Jason Antwi-Appah, 15
Leander, Texas
Jason, 15, had taken years of computer science courses in his Texas public school, but never built and shipped a project until he joined Hack Club. He started with something small in the summer of 2020: trying out Visual Studio Code and building a personal website with HTML and CSS. Then, he built a tool (a simple IDE) that allowed other Hack Club students to customize their Hack Club Scrapbooks, and a Hack Club staff member helped him deploy it on Vercel.
“Seeing people actually not only acknowledging something you made, but actually using it was nice.” He began to dream of his next project.
He always had wanted to build something with hardware, but didn’t have the money. Through a Hack Club grant of up to $250, he bought a Raspberry Pi. Using his school's 3D printer, he built a case for it. His mom (nervously) volunteered her iPad, and Jason wrote a NodeJS server that runs on the Raspberry Pi and sideloads apps onto the iPad.
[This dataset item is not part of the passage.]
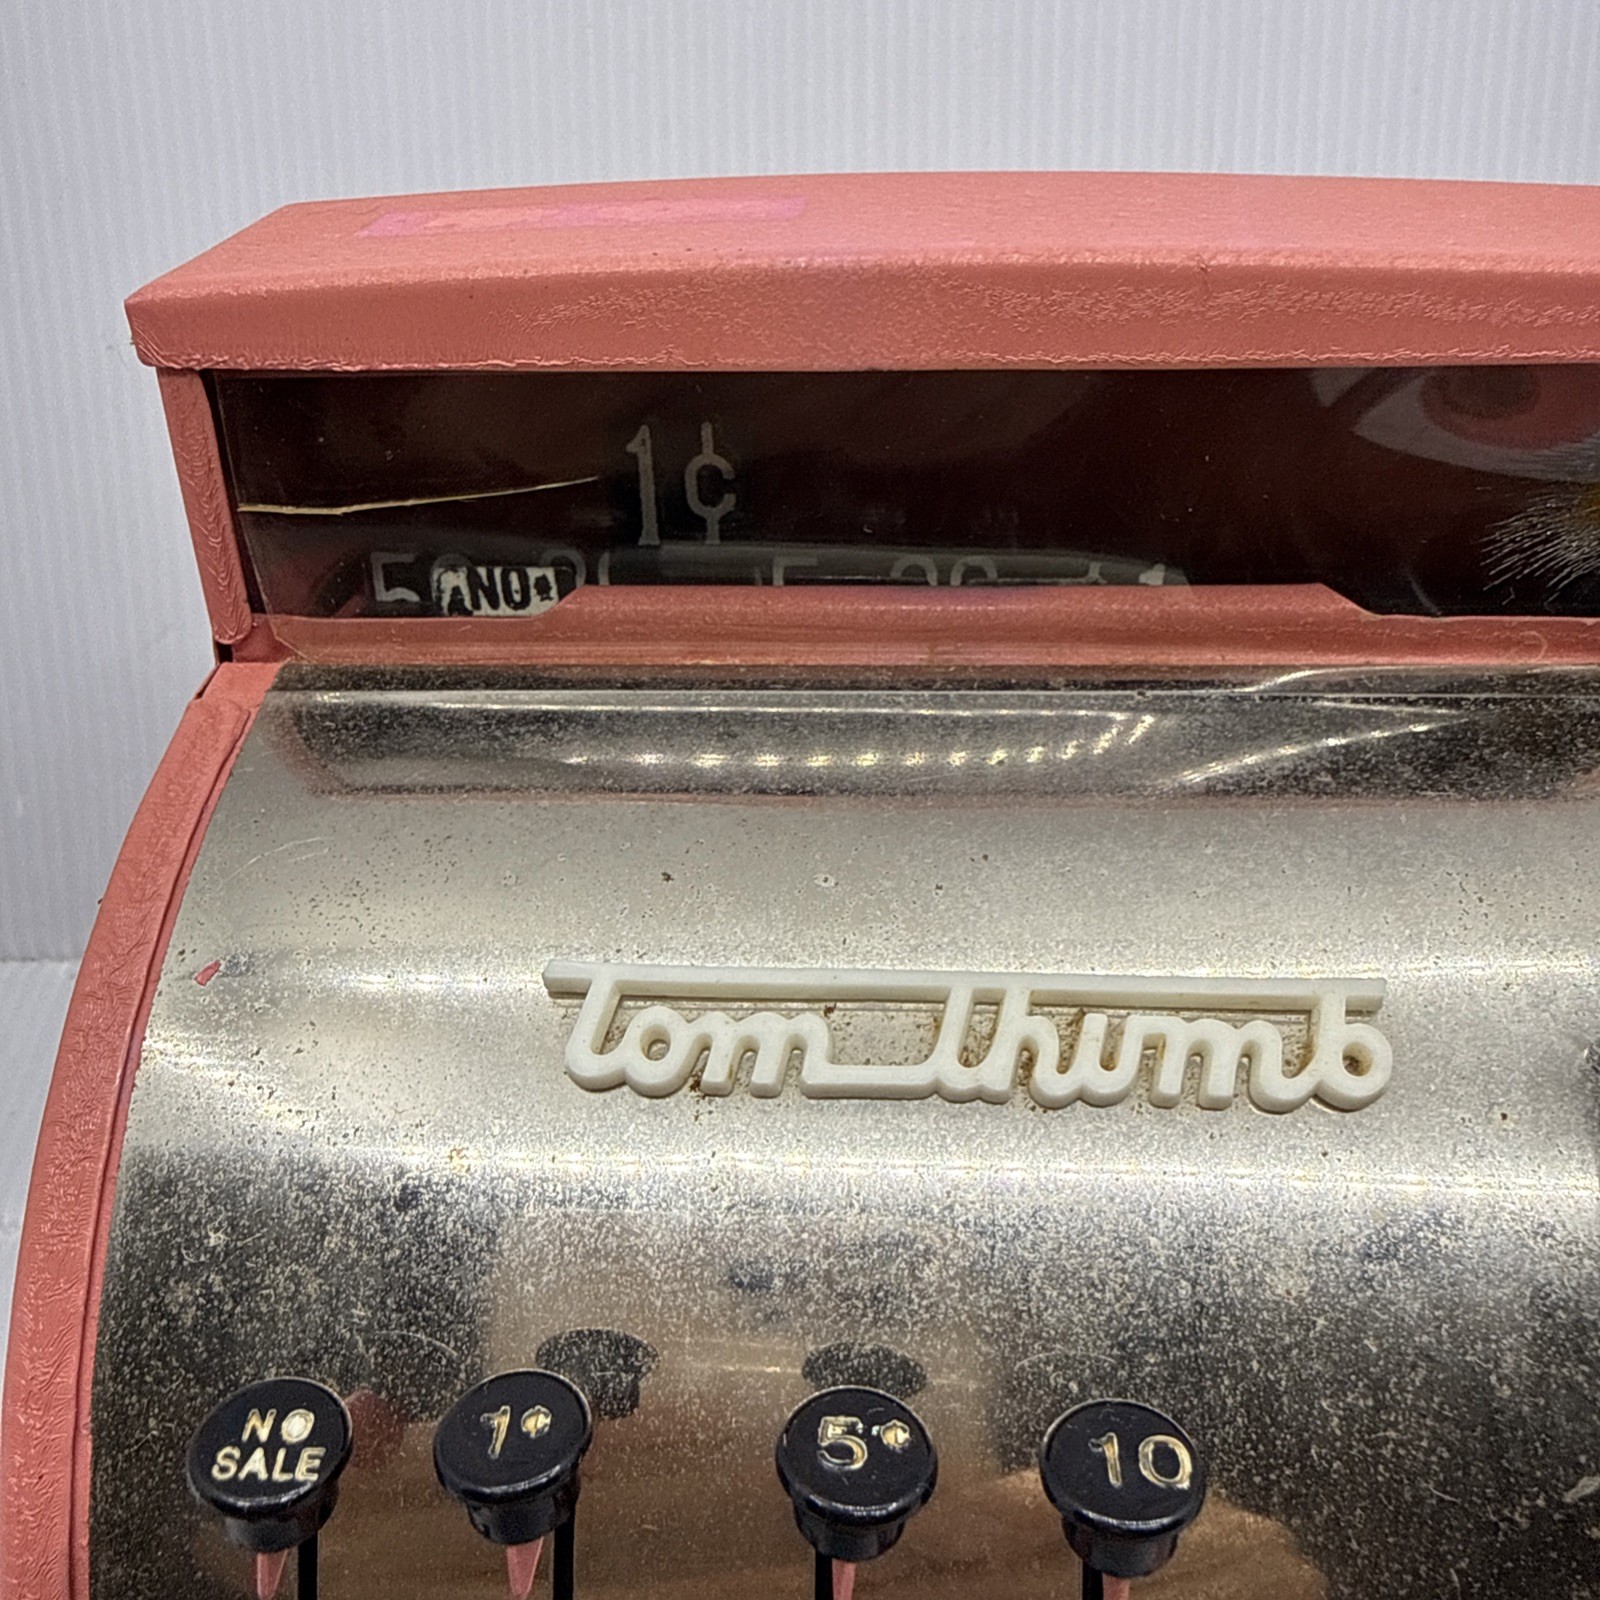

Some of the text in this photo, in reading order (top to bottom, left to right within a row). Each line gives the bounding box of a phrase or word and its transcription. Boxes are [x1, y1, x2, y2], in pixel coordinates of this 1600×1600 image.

[242, 1408, 316, 1444] NO
[210, 1446, 327, 1482] SALE
[1088, 1432, 1194, 1490] 10
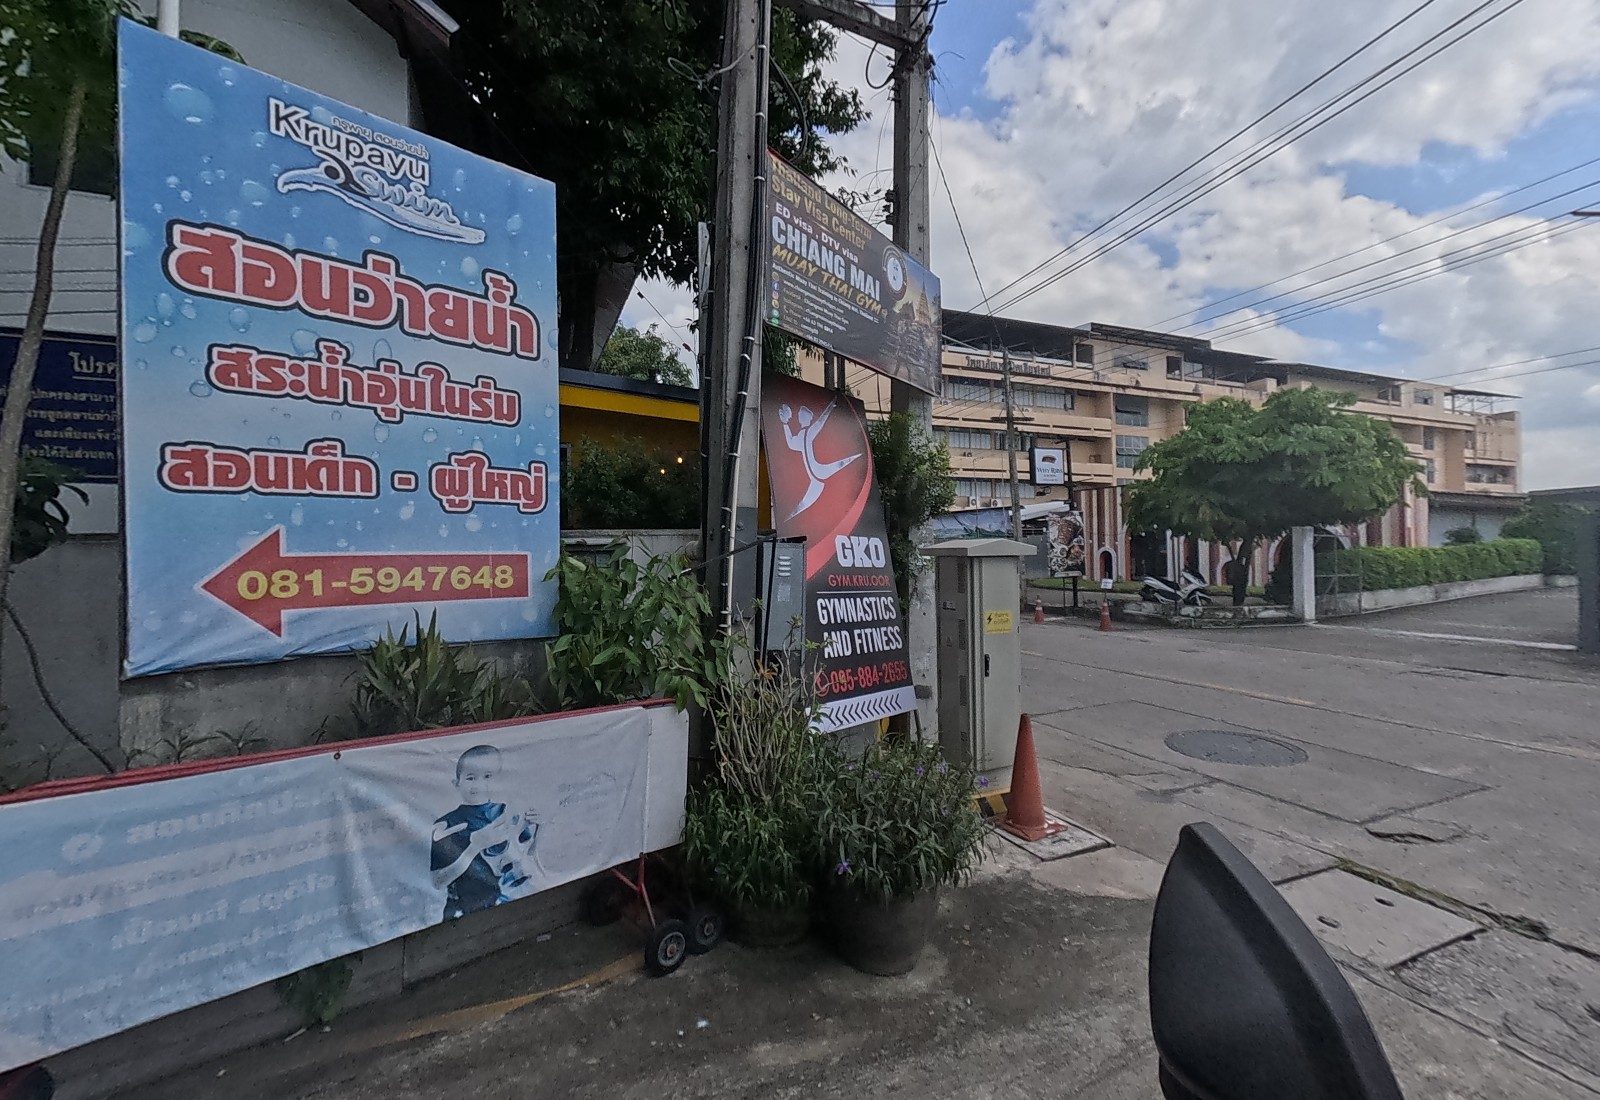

Jason constantly hit bumps and used Hack Club’s online community to chat late into the night with teenagers in Europe and India. His parents feared he would “fry” their devices, but in the end he didn’t. However, the iPad isn’t really supplying enough electricity to the Pi, so he’s 'working on that'.
“Hack Club is awesome. Genuinely I’ve met some of the best people. Like, it’s not even how smart they are, or that they’re really nice to talk to. They actually don’t sit around and wait for things to happen; they do it themselves.”